Bajo las Estrellas (Félix Viscarret, 2007)

 

        La ópera prima de Félix Viscarret tiene espíritu de película grande. Se notan los síntomas al admirar una música tan personal como necesaria, un guión preciso y perfecto, traslación de novela con poco potencial cinematográfico,  actores en estado de gracia, con un gran Alberto San Juan y una estupenda dirección en la que todo encaja y ofrece una obra única en su especie, totalmente diferente, una historia sencilla donde los personajes no son conscientes de la grandeza de sus actos.

            La película tiene las pocas pretensiones cercanas al género ‘feeling good’ americano pero propone además una historia de redención del personaje principal que otorga al filme proporciones épicas, una fábula moral pero no moralista, que deja actuar a sus personajes sin ser juzgados y que les da una oportunidad de volver a encauzar sus vidas a través del personaje de Benito, auténtica revolución del pueblo de Estella.

            Benito, alma solitaria y perdida, auténtico vividor y luchador pasional entregado al momento y a las circunstancias, buscavidas de primera magistralmente encarnado en San Juan, personaje atormentado que busca la redención perdido mientras camina bajo un cielo enormemente estrellado, verdadero antihéroe al que es imposible no coger simpatía y que como absoluto perdedor no teme cargarse a sus espaldas la vida de los otros, que aún puede ser salvada.

            Pero Benito no puede salvarse a sí mismo, necesita la milagrosa presencia de una niña por la que descubrirá de nuevo la vida con sus ojos y que siente la obligación de cuidar, no por obligación moral ante la situación familiar sino por necesidad personal, una chispa que compromete al personaje a luchar por esa Estella a la que nunca pensaba regresar, un necesario baño de humildad capaz de cuestionar al espectador sobre sus valores y compromisos.

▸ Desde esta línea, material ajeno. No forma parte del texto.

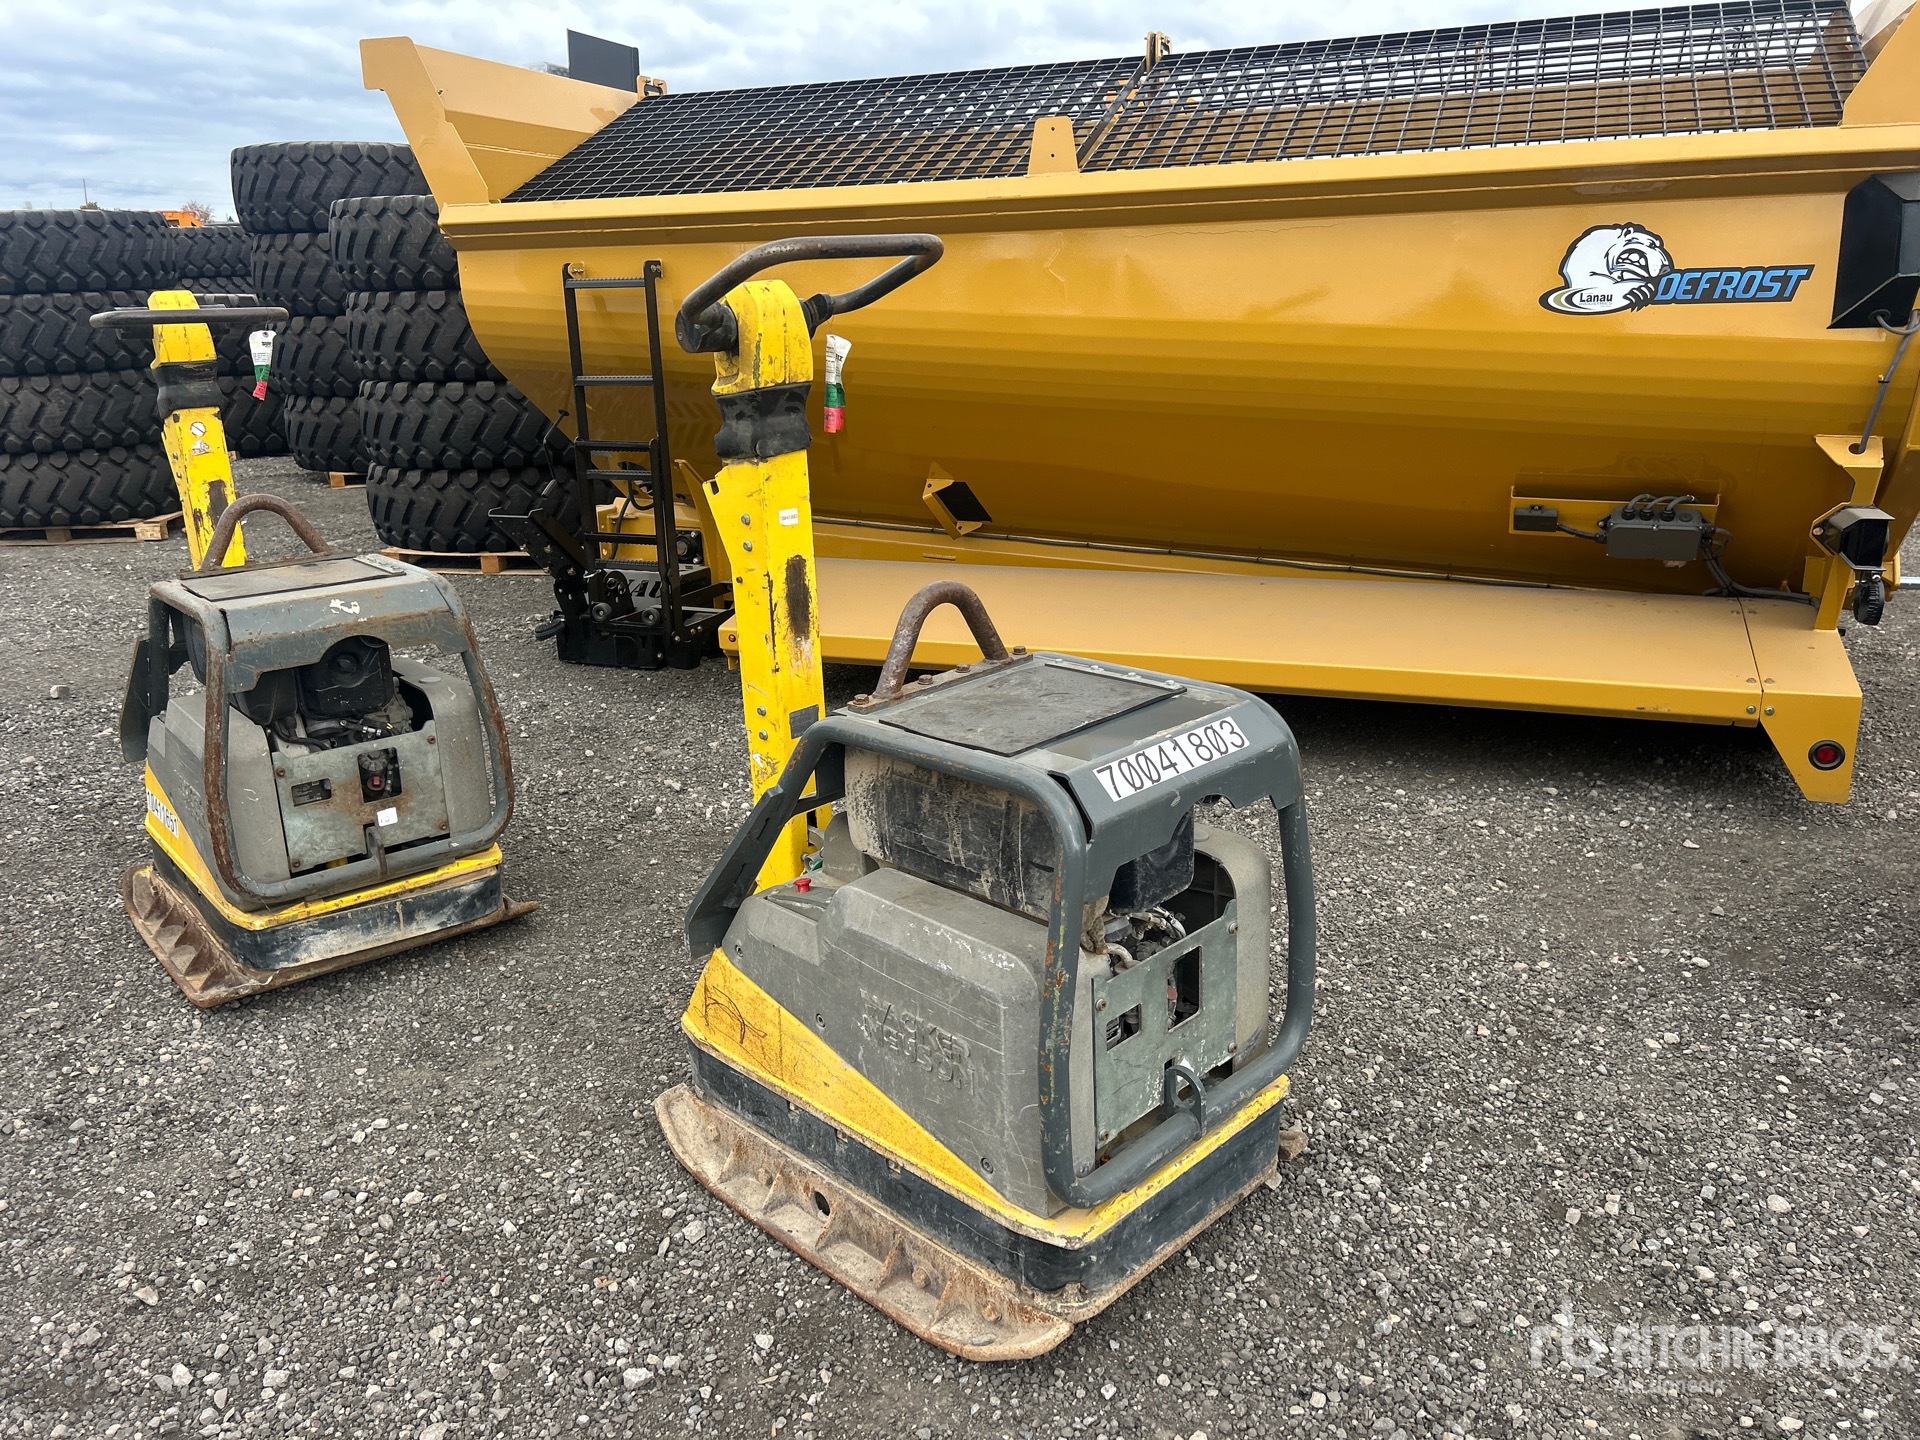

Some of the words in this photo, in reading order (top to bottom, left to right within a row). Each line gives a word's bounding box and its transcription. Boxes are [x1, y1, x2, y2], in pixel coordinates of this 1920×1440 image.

[1580, 292, 1613, 303] Lanau
[1654, 269, 1809, 300] DEFROST
[1097, 720, 1245, 798] 70041803

            El problema de ‘Bajo las Estrellas’ es que adapta un material de base que ya originalmente resulta bastante pobre, especialmente en su resolución, una resolución que toma el camino fácil y que comprimida en historia cinematográfica queda aún más tramposa, menos creíble, y que destroza buena parte de los méritos cosechados hasta ese momento por la cinta.

            A todo esto, Viscarret parece no confiar en la fuerza de la historia y de su actor principal y otorga a la película un forzado aire a cine independiente del que pocas escenas salen beneficiadas, en las que a veces planean contemplativas puestas de sol que terminan sabiendo a anuncio televisivo, o muchos otros errores de ritmo y de montaje perdonables y atribuibles con seguridad a la poca experiencia. 

            Pese a estos errores, bajones de ritmo y resoluciones fáciles, la película permanece en la memoria con toda la fuerza que transmite y el espíritu (a pesar de todo) optimista que posee, crece al recordarla y estimula reflexionar sobre ella. Es una delicia contemplar la hermosa relación entre Ariadna y Benito, el discurso sobre la muerte construido a trompicones, o simplemente disfrutar con tantos detalles que se repiten con cariño, como ese pomo de la caravana que siempre cae al abrir la puerta, preciosa metáfora en la que las cosas no son perfectas, metáfora del espíritu de ese guerrero incansable que cae y vuelve a caer, pero siempre se levanta.